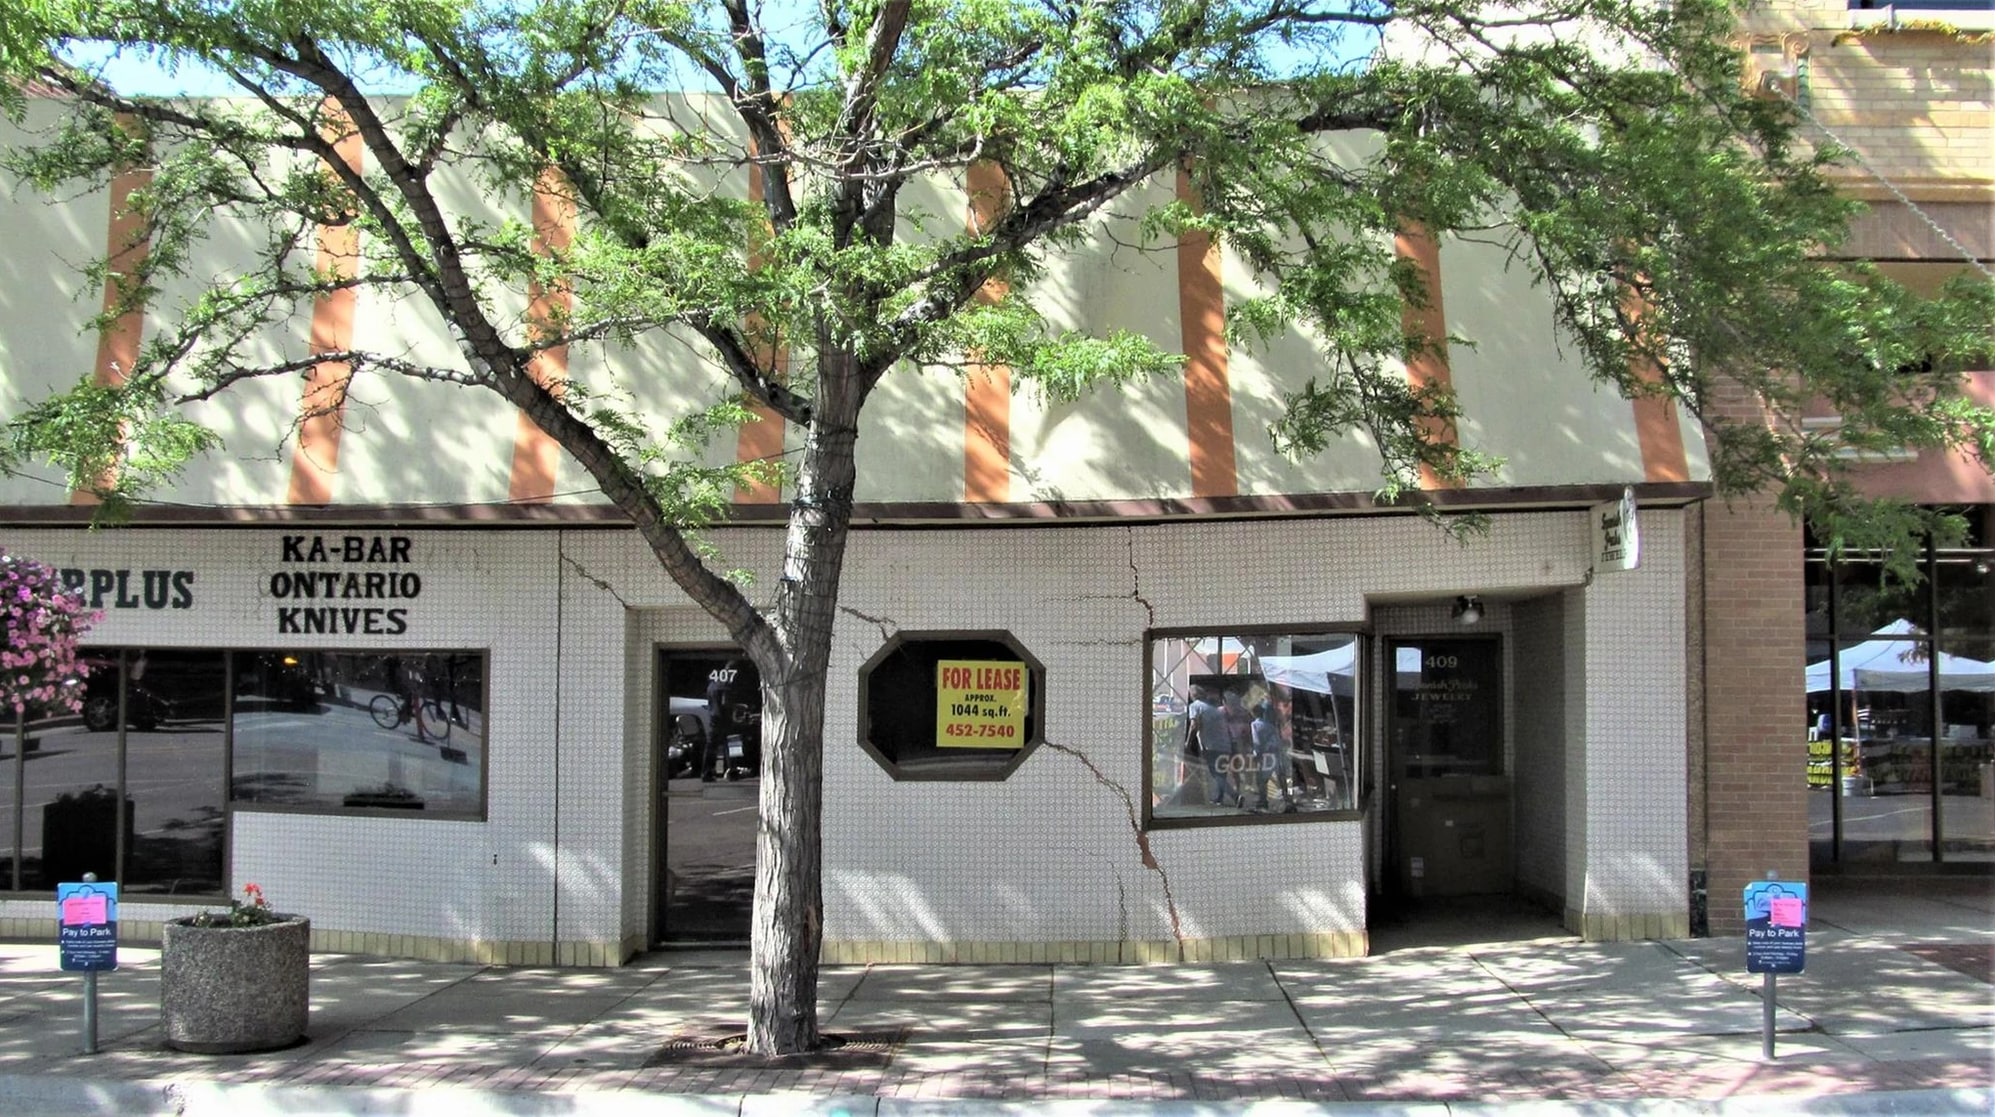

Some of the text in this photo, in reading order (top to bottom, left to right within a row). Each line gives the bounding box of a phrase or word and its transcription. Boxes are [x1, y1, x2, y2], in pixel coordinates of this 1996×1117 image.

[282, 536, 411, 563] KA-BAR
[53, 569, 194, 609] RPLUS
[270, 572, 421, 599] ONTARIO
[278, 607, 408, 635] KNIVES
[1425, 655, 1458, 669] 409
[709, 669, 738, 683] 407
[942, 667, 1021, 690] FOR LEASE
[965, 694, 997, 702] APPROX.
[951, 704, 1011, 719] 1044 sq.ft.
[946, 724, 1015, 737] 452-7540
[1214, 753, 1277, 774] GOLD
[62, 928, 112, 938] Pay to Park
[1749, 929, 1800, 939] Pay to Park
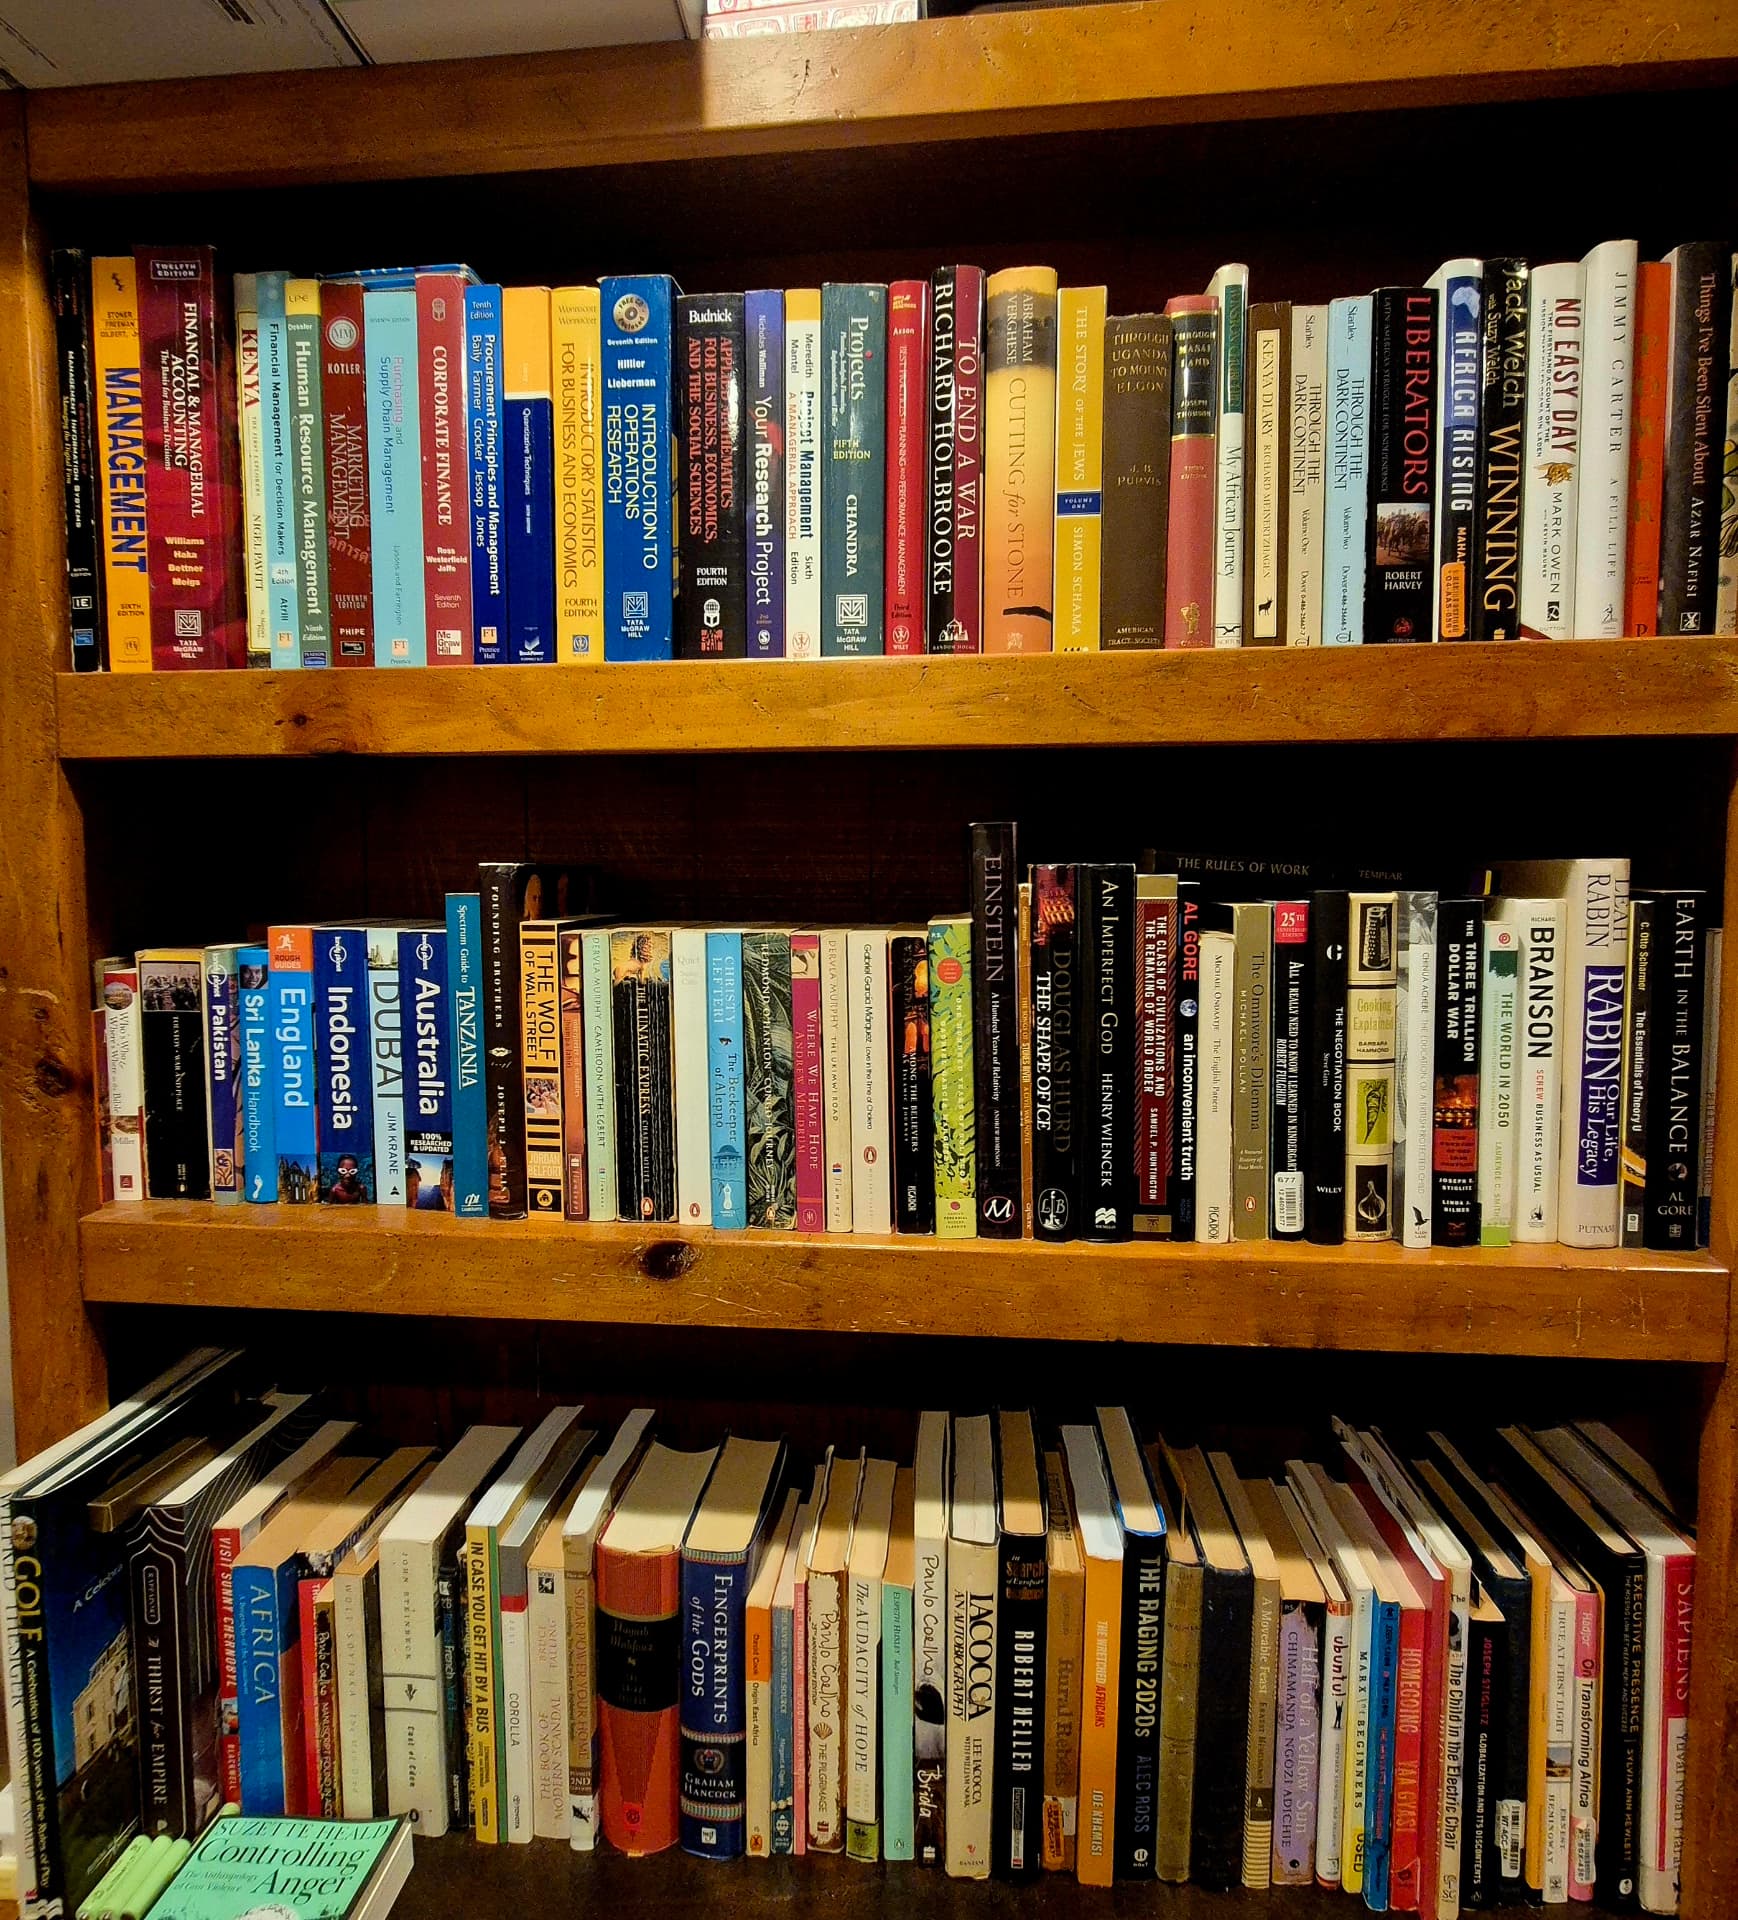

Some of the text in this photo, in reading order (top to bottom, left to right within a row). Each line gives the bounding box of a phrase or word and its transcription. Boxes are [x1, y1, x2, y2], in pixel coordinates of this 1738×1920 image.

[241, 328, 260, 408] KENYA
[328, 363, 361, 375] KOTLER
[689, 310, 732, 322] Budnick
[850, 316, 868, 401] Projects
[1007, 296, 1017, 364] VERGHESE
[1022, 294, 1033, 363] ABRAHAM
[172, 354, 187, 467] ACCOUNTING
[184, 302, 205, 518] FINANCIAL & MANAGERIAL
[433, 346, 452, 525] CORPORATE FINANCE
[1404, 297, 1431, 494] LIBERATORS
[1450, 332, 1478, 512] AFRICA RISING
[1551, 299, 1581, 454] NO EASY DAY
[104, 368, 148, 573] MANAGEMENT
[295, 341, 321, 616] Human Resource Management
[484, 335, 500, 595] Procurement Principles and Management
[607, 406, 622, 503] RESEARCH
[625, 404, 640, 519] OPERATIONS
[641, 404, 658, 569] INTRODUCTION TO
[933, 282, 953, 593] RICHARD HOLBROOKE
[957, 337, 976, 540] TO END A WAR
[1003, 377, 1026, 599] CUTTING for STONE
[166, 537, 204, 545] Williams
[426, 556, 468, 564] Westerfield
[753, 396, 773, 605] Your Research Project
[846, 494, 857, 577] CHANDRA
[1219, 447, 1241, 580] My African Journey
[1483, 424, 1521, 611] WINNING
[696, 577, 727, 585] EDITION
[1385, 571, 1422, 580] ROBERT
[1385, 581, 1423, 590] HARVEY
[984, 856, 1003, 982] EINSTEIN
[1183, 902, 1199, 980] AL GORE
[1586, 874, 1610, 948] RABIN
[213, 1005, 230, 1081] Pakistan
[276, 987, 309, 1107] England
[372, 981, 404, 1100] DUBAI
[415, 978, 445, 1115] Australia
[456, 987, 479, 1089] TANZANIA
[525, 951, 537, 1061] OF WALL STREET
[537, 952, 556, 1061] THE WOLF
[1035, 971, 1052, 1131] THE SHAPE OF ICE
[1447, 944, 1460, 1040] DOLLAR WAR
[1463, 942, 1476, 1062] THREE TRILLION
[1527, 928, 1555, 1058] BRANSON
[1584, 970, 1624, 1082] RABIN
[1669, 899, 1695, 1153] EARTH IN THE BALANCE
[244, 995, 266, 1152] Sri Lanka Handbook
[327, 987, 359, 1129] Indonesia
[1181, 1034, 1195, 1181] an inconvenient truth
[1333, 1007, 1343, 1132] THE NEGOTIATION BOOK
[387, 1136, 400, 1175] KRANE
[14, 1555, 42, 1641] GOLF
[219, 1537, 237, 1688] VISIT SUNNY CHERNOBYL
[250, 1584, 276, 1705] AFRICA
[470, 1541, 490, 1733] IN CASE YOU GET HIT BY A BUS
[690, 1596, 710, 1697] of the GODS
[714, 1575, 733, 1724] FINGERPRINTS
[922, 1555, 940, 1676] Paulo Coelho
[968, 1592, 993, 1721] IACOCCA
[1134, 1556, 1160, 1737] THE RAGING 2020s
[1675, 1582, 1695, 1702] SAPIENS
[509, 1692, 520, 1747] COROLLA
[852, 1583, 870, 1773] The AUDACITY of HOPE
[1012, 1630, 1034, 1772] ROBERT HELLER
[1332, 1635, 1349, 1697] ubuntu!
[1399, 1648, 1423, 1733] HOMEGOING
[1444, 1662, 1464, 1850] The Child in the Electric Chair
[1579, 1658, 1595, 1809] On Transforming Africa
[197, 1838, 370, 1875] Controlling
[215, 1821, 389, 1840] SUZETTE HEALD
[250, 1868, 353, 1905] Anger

### EXERCISE BRIEF
Omit the pictures and give the material again, exactly and in full.

### THE ANSWER
Some of the text in this photo, in reading order (top to bottom, left to right within a row). Each line gives the bounding box of a phrase or word and its transcription. Boxes are [x1, y1, x2, y2], in pixel coordinates of this 1996×1117 image.

[282, 536, 411, 563] KA-BAR
[53, 569, 194, 609] RPLUS
[270, 572, 421, 599] ONTARIO
[278, 607, 408, 635] KNIVES
[1425, 655, 1458, 669] 409
[709, 669, 738, 683] 407
[942, 667, 1021, 690] FOR LEASE
[965, 694, 997, 702] APPROX.
[951, 704, 1011, 719] 1044 sq.ft.
[946, 724, 1015, 737] 452-7540
[1214, 753, 1277, 774] GOLD
[62, 928, 112, 938] Pay to Park
[1749, 929, 1800, 939] Pay to Park

Some of the text in this photo, in reading order (top to bottom, left to right within a row). Each line gives the bounding box of a phrase or word and its transcription. Boxes are [x1, y1, x2, y2], in pixel coordinates of this 1738×1920 image.

[241, 328, 260, 408] KENYA
[328, 363, 361, 375] KOTLER
[689, 310, 732, 322] Budnick
[850, 316, 868, 401] Projects
[1007, 296, 1017, 364] VERGHESE
[1022, 294, 1033, 363] ABRAHAM
[172, 354, 187, 467] ACCOUNTING
[184, 302, 205, 518] FINANCIAL & MANAGERIAL
[433, 346, 452, 525] CORPORATE FINANCE
[1404, 297, 1431, 494] LIBERATORS
[1450, 332, 1478, 512] AFRICA RISING
[1551, 299, 1581, 454] NO EASY DAY
[104, 368, 148, 573] MANAGEMENT
[295, 341, 321, 616] Human Resource Management
[484, 335, 500, 595] Procurement Principles and Management
[607, 406, 622, 503] RESEARCH
[625, 404, 640, 519] OPERATIONS
[641, 404, 658, 569] INTRODUCTION TO
[933, 282, 953, 593] RICHARD HOLBROOKE
[957, 337, 976, 540] TO END A WAR
[1003, 377, 1026, 599] CUTTING for STONE
[166, 537, 204, 545] Williams
[426, 556, 468, 564] Westerfield
[753, 396, 773, 605] Your Research Project
[846, 494, 857, 577] CHANDRA
[1219, 447, 1241, 580] My African Journey
[1483, 424, 1521, 611] WINNING
[696, 577, 727, 585] EDITION
[1385, 571, 1422, 580] ROBERT
[1385, 581, 1423, 590] HARVEY
[984, 856, 1003, 982] EINSTEIN
[1183, 902, 1199, 980] AL GORE
[1586, 874, 1610, 948] RABIN
[213, 1005, 230, 1081] Pakistan
[276, 987, 309, 1107] England
[372, 981, 404, 1100] DUBAI
[415, 978, 445, 1115] Australia
[456, 987, 479, 1089] TANZANIA
[525, 951, 537, 1061] OF WALL STREET
[537, 952, 556, 1061] THE WOLF
[1035, 971, 1052, 1131] THE SHAPE OF ICE
[1447, 944, 1460, 1040] DOLLAR WAR
[1463, 942, 1476, 1062] THREE TRILLION
[1527, 928, 1555, 1058] BRANSON
[1584, 970, 1624, 1082] RABIN
[1669, 899, 1695, 1153] EARTH IN THE BALANCE
[244, 995, 266, 1152] Sri Lanka Handbook
[327, 987, 359, 1129] Indonesia
[1181, 1034, 1195, 1181] an inconvenient truth
[1333, 1007, 1343, 1132] THE NEGOTIATION BOOK
[387, 1136, 400, 1175] KRANE
[14, 1555, 42, 1641] GOLF
[219, 1537, 237, 1688] VISIT SUNNY CHERNOBYL
[250, 1584, 276, 1705] AFRICA
[470, 1541, 490, 1733] IN CASE YOU GET HIT BY A BUS
[690, 1596, 710, 1697] of the GODS
[714, 1575, 733, 1724] FINGERPRINTS
[922, 1555, 940, 1676] Paulo Coelho
[968, 1592, 993, 1721] IACOCCA
[1134, 1556, 1160, 1737] THE RAGING 2020s
[1675, 1582, 1695, 1702] SAPIENS
[509, 1692, 520, 1747] COROLLA
[852, 1583, 870, 1773] The AUDACITY of HOPE
[1012, 1630, 1034, 1772] ROBERT HELLER
[1332, 1635, 1349, 1697] ubuntu!
[1399, 1648, 1423, 1733] HOMEGOING
[1444, 1662, 1464, 1850] The Child in the Electric Chair
[1579, 1658, 1595, 1809] On Transforming Africa
[197, 1838, 370, 1875] Controlling
[215, 1821, 389, 1840] SUZETTE HEALD
[250, 1868, 353, 1905] Anger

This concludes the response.